The overhaul of 10 different pieces of legislation has been underway for years, before being passed by Parliament in December.

Most of the changes, which are explained in detail here, come into force today.

Consumer NZ has spent years campaigning for the changes, and has welcomed what it described as a long overdue "leap into the 21st century".

Among the host of improved protections are the extension of the Consumer Guarantees Act to auctions and all online trading.

Sellers have to specify if they are "in trade", and will no longer be able to get away with supplying dodgy goods.
Businesses will also have to ensure that goods are delivered on time and in good condition.

Door-to-door and phone salespeople face new checks and balances, while shops offering extended warranties have to spell out exactly what advantages they give over existing legal protections.

New restrictions on "unsubstantiated claims" means companies will have to cut out marketing hype and only say things they prove.

The shift in the burden of proof will make it easier for the Commerce Commission to prosecute false and misleading claims.

The maximum penalties for breaches of the Fair Trading Act have tripled to $200,000 for an individual and up to $600,000 for a company.

Law firm Duncan Cotterill has warned that virtually all businesses that deal with consumers will be affected.
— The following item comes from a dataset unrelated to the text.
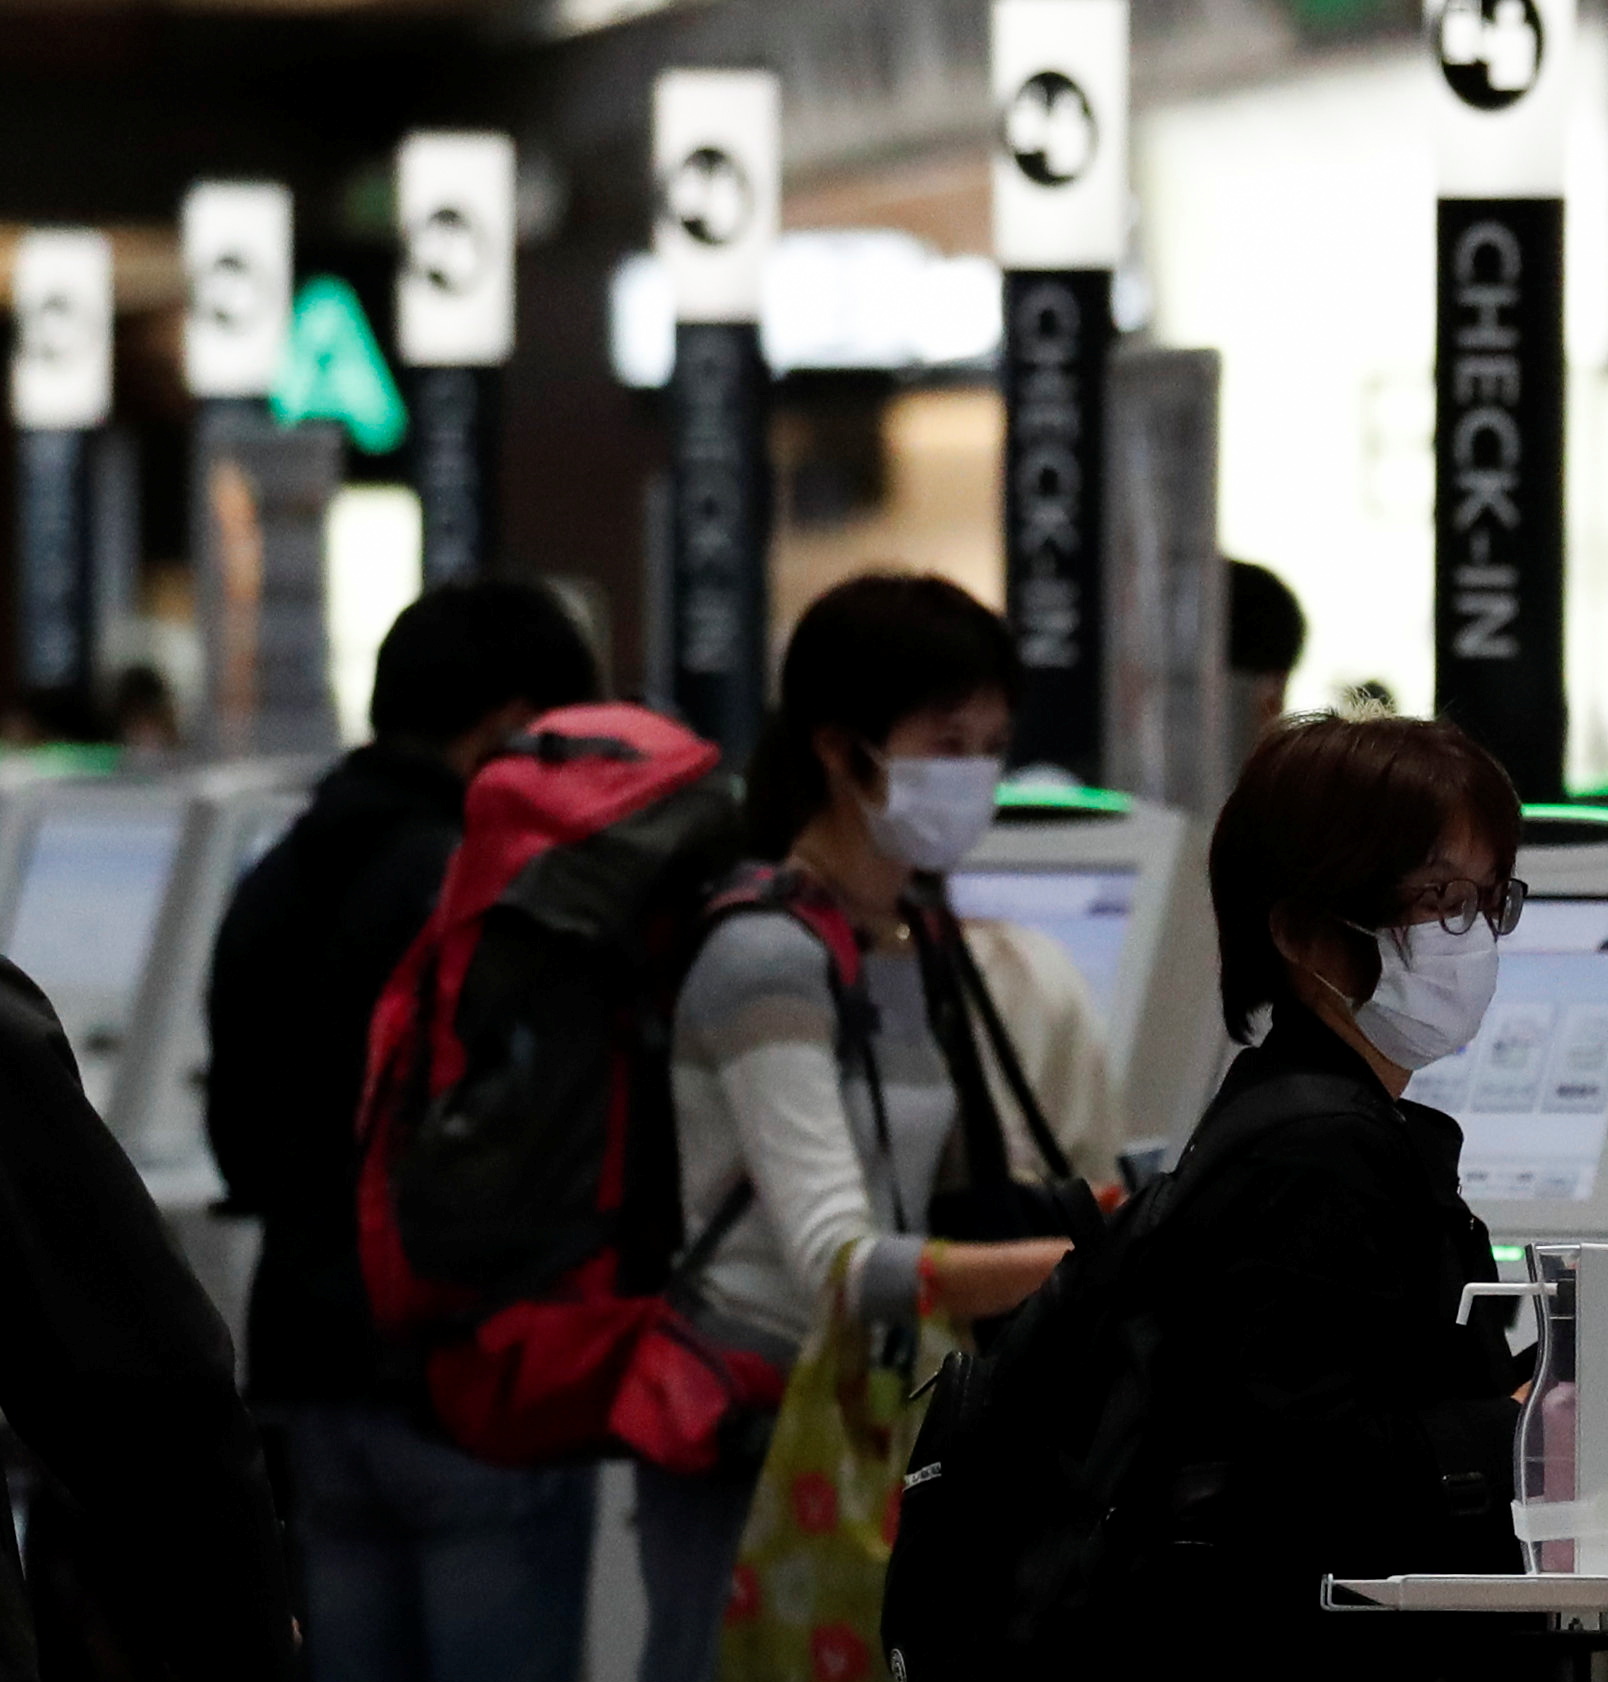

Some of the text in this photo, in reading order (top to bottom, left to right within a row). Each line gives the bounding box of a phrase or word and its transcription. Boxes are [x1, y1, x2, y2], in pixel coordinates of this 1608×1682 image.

Commercial law partner Richard Smith said businesses should be reviewing and updating their approach to marketing, and ensuring there were steps to checking claims.

"Seek to rely on facts, figures and credible sources of information to back up representations, not guesses and opinion," he said.

One of the biggest changes still to come will ban "unfair" terms and conditions from consumer contracts.

However, that has been delayed until March 2015 to give companies time to prepare.

"In the lead-up, businesses should review all their standard form consumer contracts to identify any provisions that could potentially be considered unfair," Smith said.